Another stream of our research explores how death-related existential concerns can potentially lead to expressions of religious faith under some conditions—but not others. Research finds that religious beliefs are particularly well suited to mitigate death anxiety via belief in afterlife, supernatural agency, human ascension from nature, and spiritual distinctions between mind and body. Indeed, the fact that—historically—the majority of people worldwide are religious is a compelling statement about the likely role of existential motivation to maintain religious faith. But also interesting is the fact that—in the modern era—the number of non-religious, agnostics, and atheists has been steadily growing. Thus, our lab not only seeks to better understand the roots and motivations of religious belief but also to explore whether and how skeptics’ rejection of such an intuitive and powerful death-denying worldview might impair well-being and/or require skeptics to adopt a more open-minded/growth-oriented approach to alternative (secular) cultural meaning systems.

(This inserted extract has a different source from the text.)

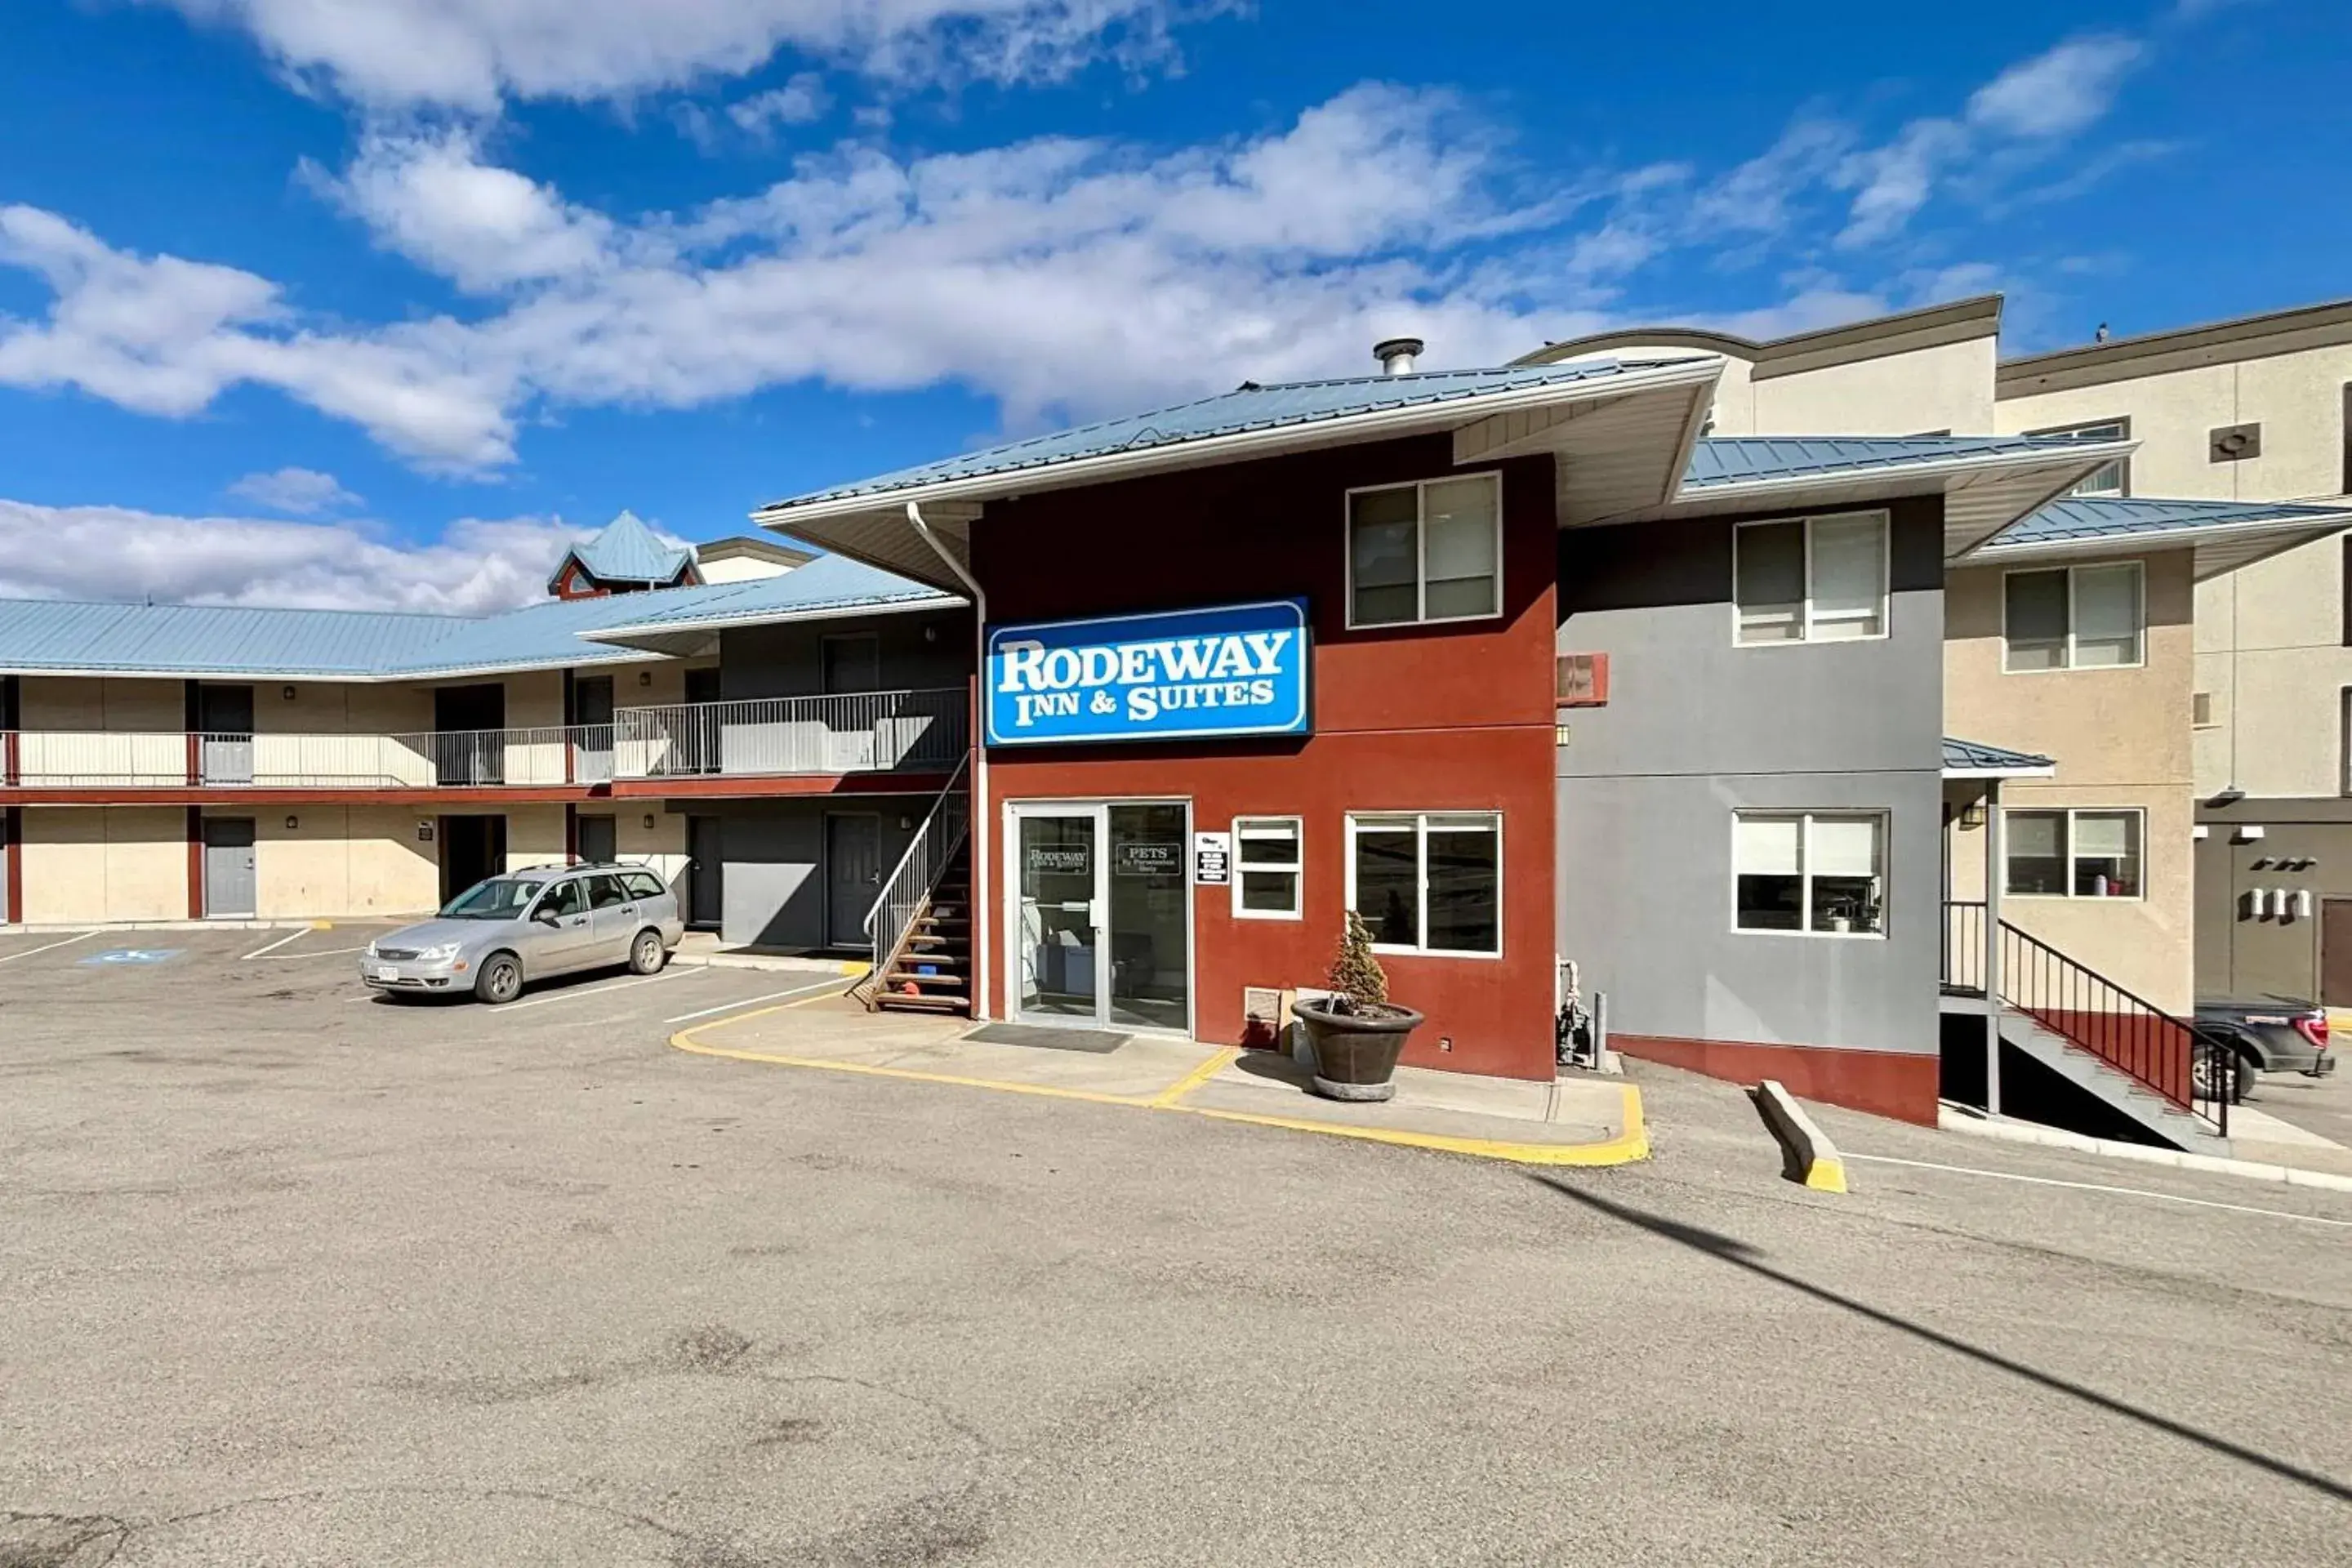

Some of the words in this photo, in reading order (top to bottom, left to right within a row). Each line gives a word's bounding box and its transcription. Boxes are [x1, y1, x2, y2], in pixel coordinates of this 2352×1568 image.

Physical Health & Well-Being

Existential psychology research shows there is reason to expect that when mortality concerns are in conscious attention, people try to reduce the perceived threat, either by taking steps toward good health (e.g., wearing a seatbelt in the car, sunscreen at the beach) or by denying their vulnerability (if taking steps toward good health is difficult, such as with nicotine addiction). But when mortality concerns are cognitively accessible, yet non-conscious, people manage those concerns by seeking a symbolic sense of permanence by adhering to salient cultural standards of worth.

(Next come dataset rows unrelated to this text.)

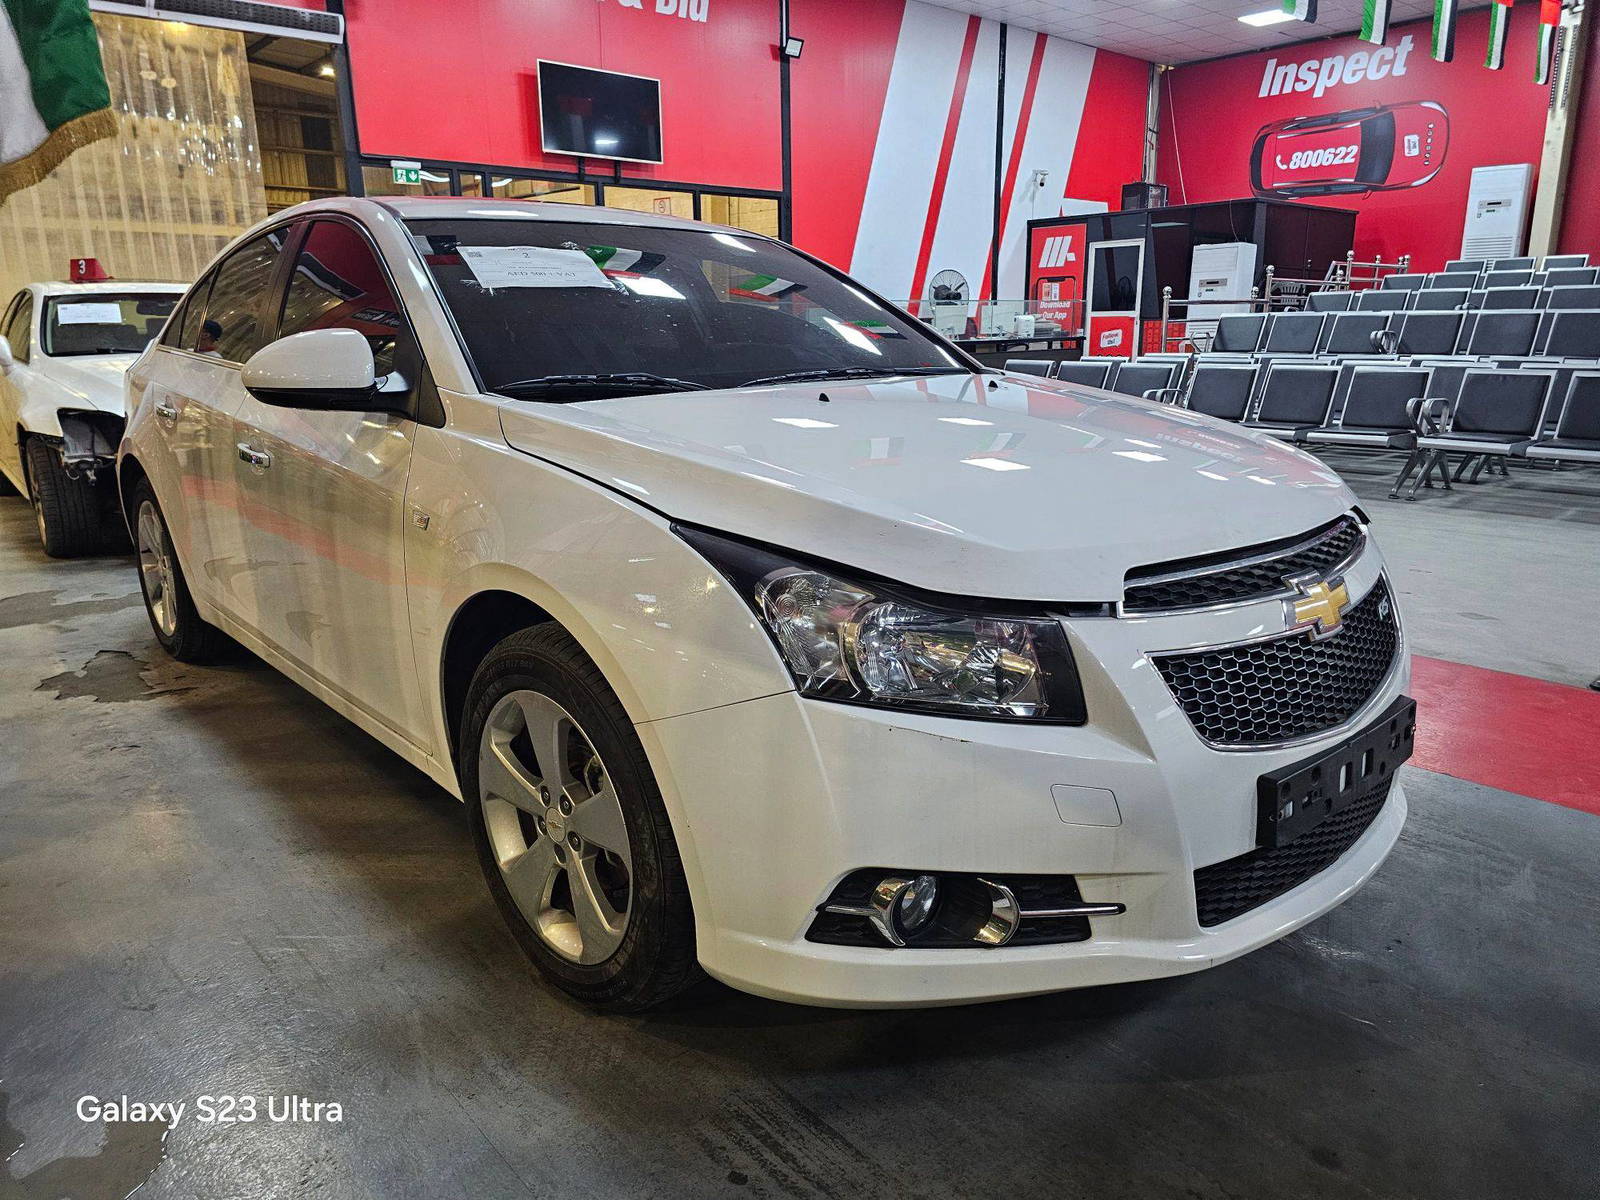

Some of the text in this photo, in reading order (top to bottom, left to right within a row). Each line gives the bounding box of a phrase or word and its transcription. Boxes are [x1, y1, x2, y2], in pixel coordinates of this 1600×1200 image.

[1258, 34, 1414, 98] Inspect
[1288, 144, 1359, 169] 800622
[78, 259, 86, 274] 3
[1040, 301, 1071, 309] Download
[1054, 311, 1067, 320] App

We’ve explored the implications of these processes in a variety of domains. We’ve contributed to research studying the impact of existential concerns on actual cigarette smoking behavior during cravings. We’ve also investigated how both conscious and non-conscious death-related concerns impact the effectiveness of communications promoting actionable health-relevant behaviors, such as smoking cessation, seasonal influenza vaccination, responsible alcohol consumption, and healthy food shopping behaviors. Indeed, tailoring public health messages to relevant existential concerns is a critical vehicle for effectively promoting good health behavior.


Trauma & Mental Health

We’ve also been exploring the idea that traumatic events (natural disasters, assault, abuse, war and political violence, life-threatening medical events, and so on) might disrupt people’s existential-anxiety-buffering worldviews. Such traumatic stressors vividly demonstrate that, despite successfully living up to our standards and values, the world remains a dangerous and chaotic place, and our symbolic cultural activities do little or nothing to protect against the harsh reality of our inevitable and unpredictable mortality.

This stream of research explores whether posttraumatic stress may reflect, in part, an impaired ability to rely on one’s previously-intact worldview beliefs to manage existential concerns about death. Indeed, some of our studies have found that people with low posttraumatic stress were effectively protected against increased death-thoughts and anxieties when they affirmed their cultural beliefs; but those with high posttraumatic stress (above the pre-diagnostic threshold for PTSD) were not, suggesting that their belief systems were no longer effectively functioning as protections against existential anxiety.

Our ongoing research may further explore some of the fascinating implications of these findings for personal growth, as people with posttraumatic stress might respond well to death-awareness by making an open-minded search for alternative belief systems instead of relying on their extant yet ineffective belief systems. Such a response might potentially result in a growth-oriented exploration of novel ideas, people, and experiences that could help restore some sense of existential security, promote a sense of meaning and purpose, and help restore the individuals’ mental health.